**Try it**
Your reply should hold every record exactly as given, with no pictures in it.

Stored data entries
======

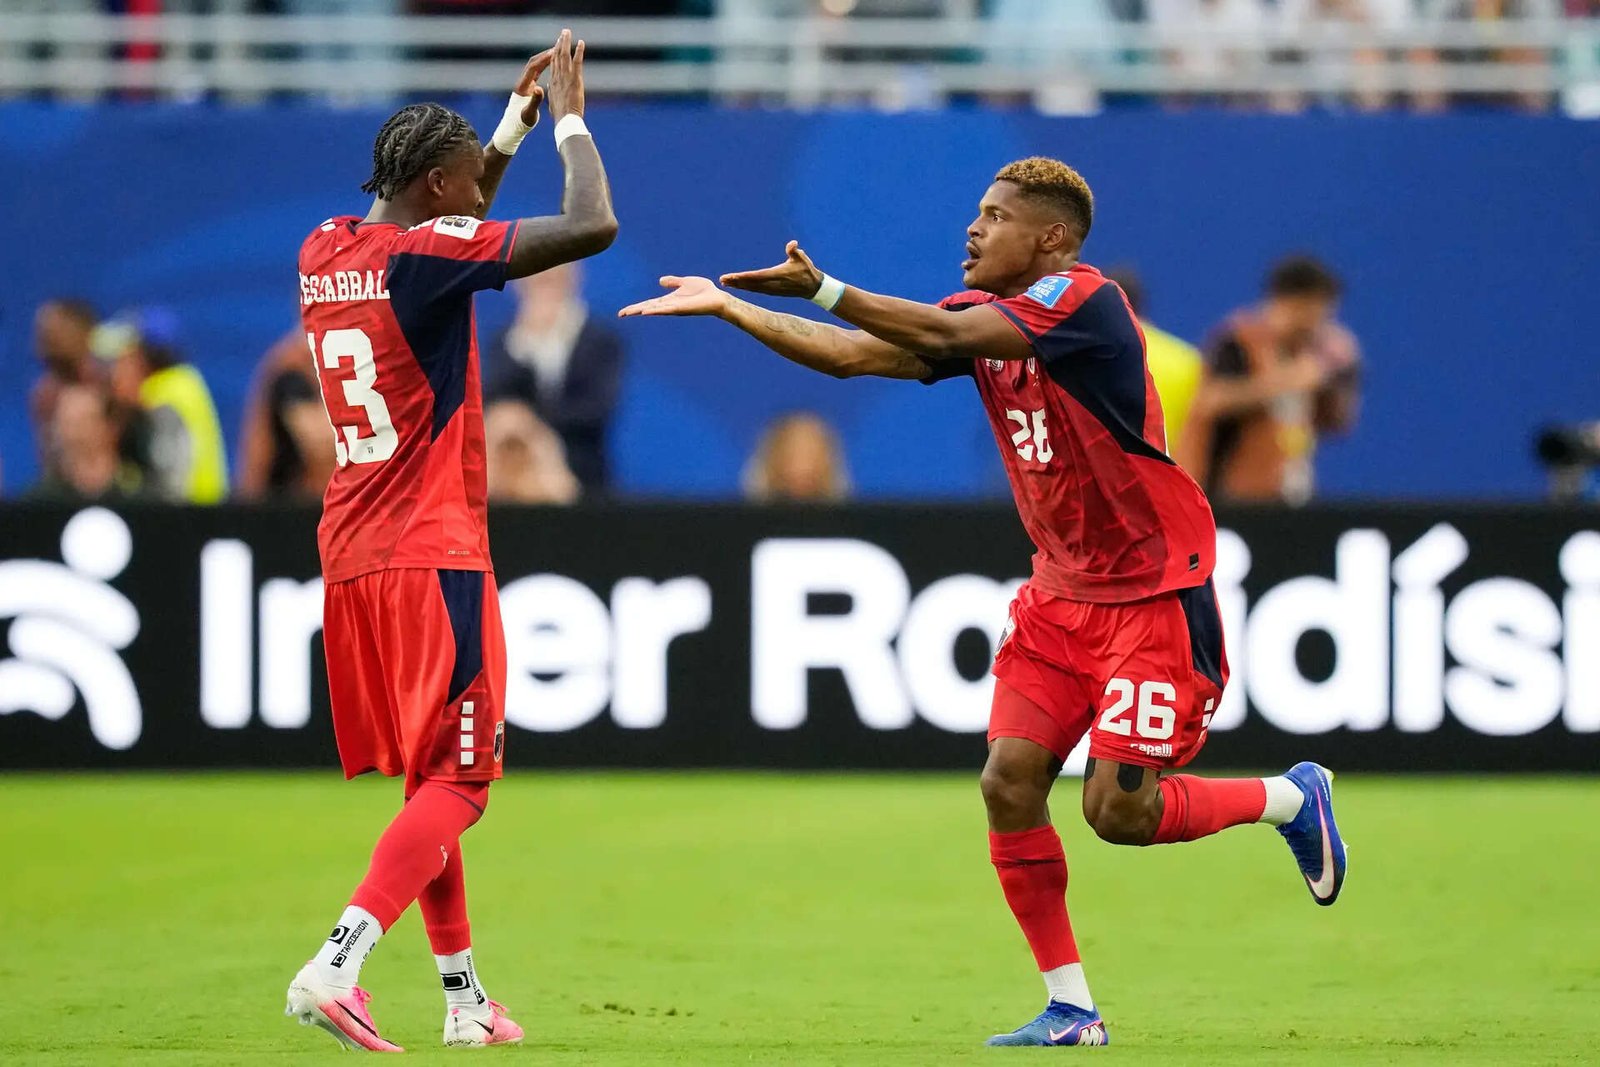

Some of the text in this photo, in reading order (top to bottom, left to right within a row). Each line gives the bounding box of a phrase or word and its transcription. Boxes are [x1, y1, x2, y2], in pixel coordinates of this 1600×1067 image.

[1005, 407, 1054, 463] 26
[200, 538, 712, 733] Iner
[1097, 678, 1177, 740] 26
[340, 919, 369, 955] TAPEDESIGN
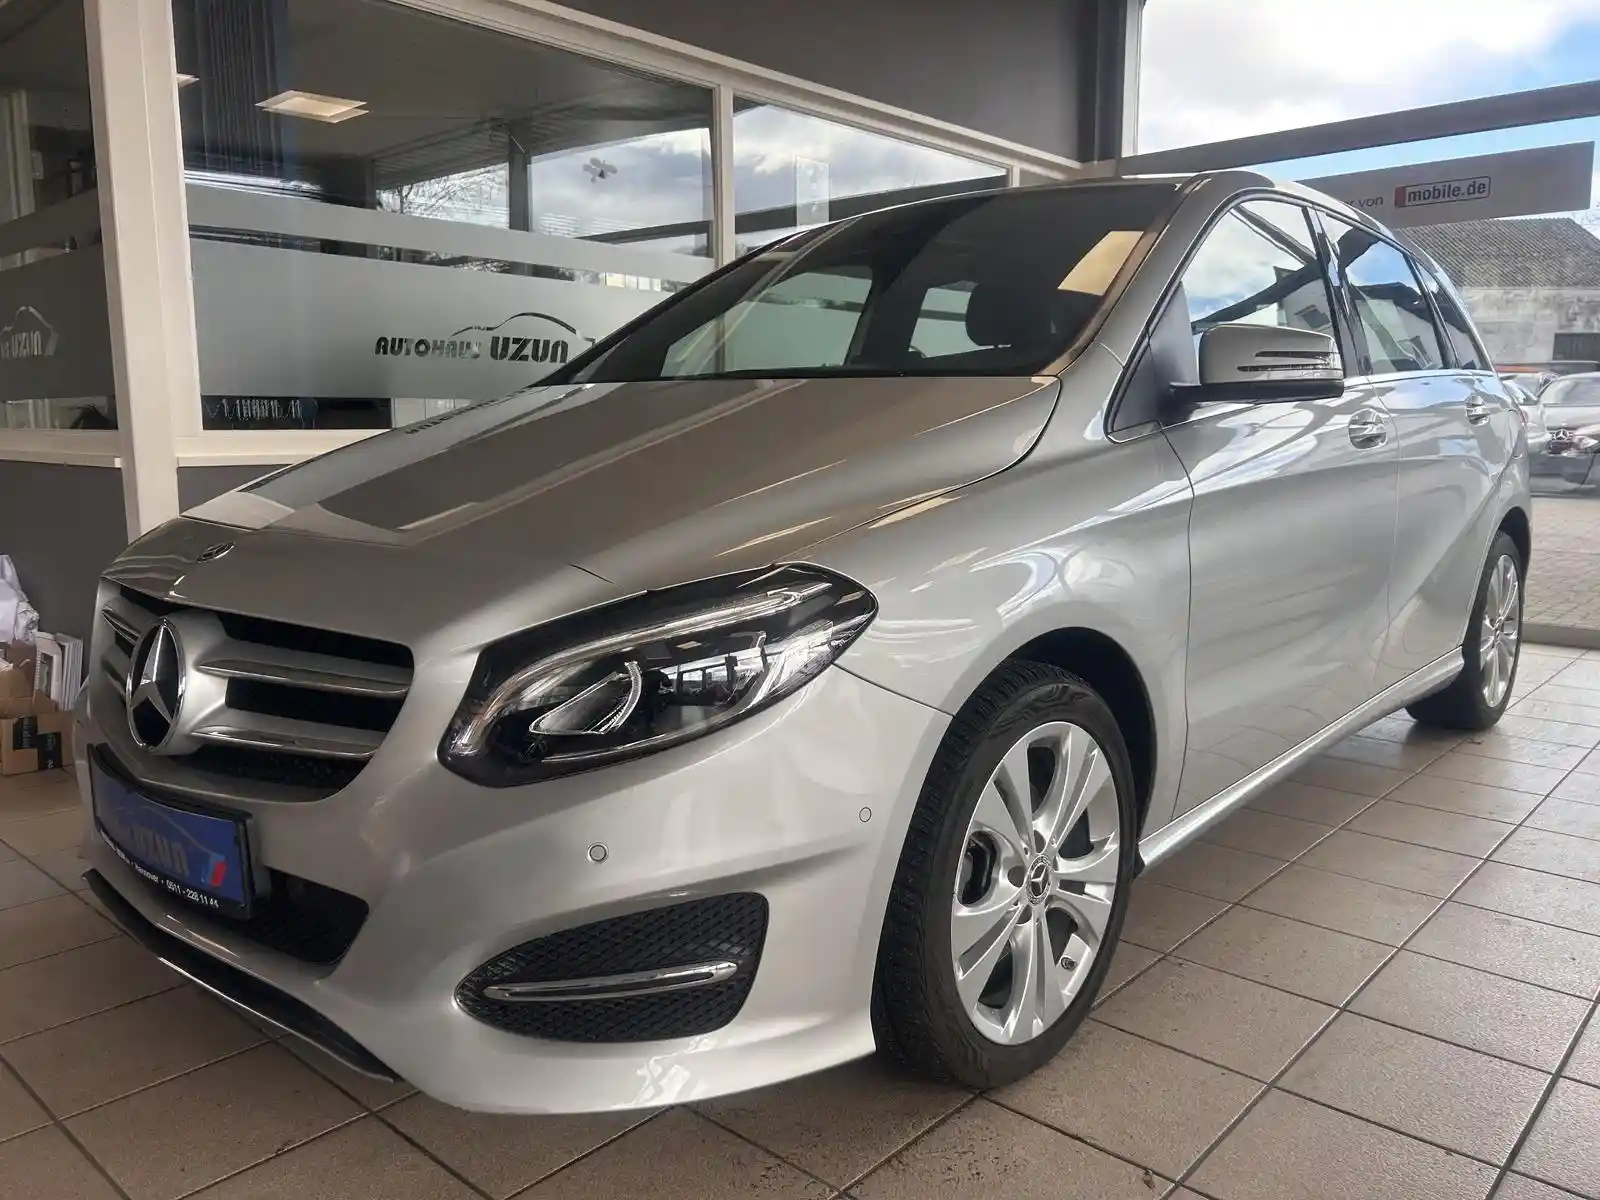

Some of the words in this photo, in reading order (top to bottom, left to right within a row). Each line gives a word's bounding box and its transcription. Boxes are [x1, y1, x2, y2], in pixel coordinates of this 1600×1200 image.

[1358, 196, 1384, 209] von
[1407, 180, 1486, 203] mobile.de
[489, 335, 569, 364] UZUN
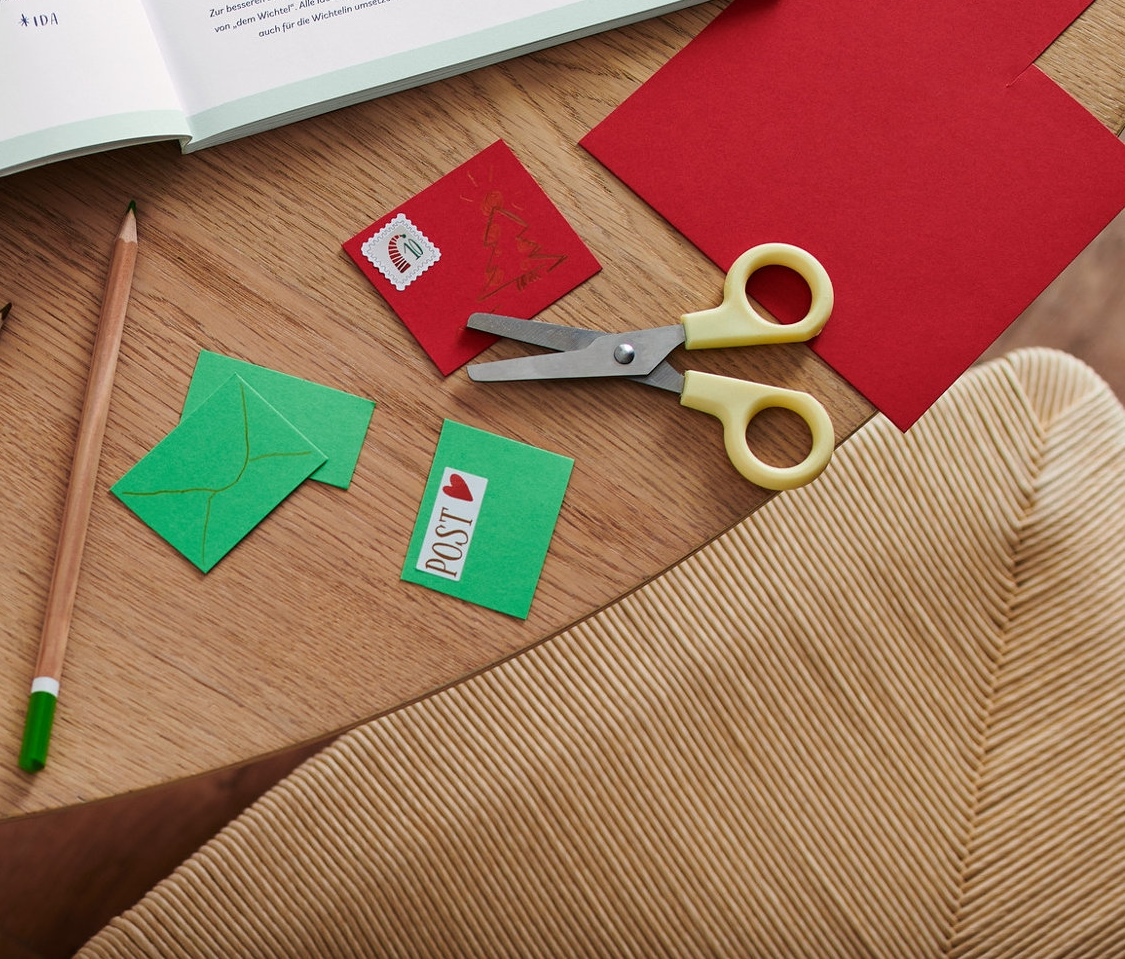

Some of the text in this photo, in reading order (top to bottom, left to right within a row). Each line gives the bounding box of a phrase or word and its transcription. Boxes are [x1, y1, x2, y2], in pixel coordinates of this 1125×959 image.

======

**Response to this task**
Some of the text in this photo, in reading order (top to bottom, left to right within a row). Each line gives the bounding box of a phrase or word and its transcription. Boxes are [x1, y1, x2, y2], in pixel coordinates of this 1600×1067 image.

[1005, 407, 1054, 463] 26
[200, 538, 712, 733] Iner
[1097, 678, 1177, 740] 26
[340, 919, 369, 955] TAPEDESIGN

Some of the words in this photo, in reading order (top to bottom, left to right within a row). Each line gives a word's bounding box and its transcription. Boxes are [x1, y1, x2, y2], in pixel coordinates of this 1600×1200 image.

[1358, 196, 1384, 209] von
[1407, 180, 1486, 203] mobile.de
[489, 335, 569, 364] UZUN

Some of the text in this photo, in reading order (top to bottom, left to right within a row). Each line gives the bounding box of a phrase or word and its transcription. Boxes are [x1, y1, x2, y2], in pixel coordinates of this 1125×959 image.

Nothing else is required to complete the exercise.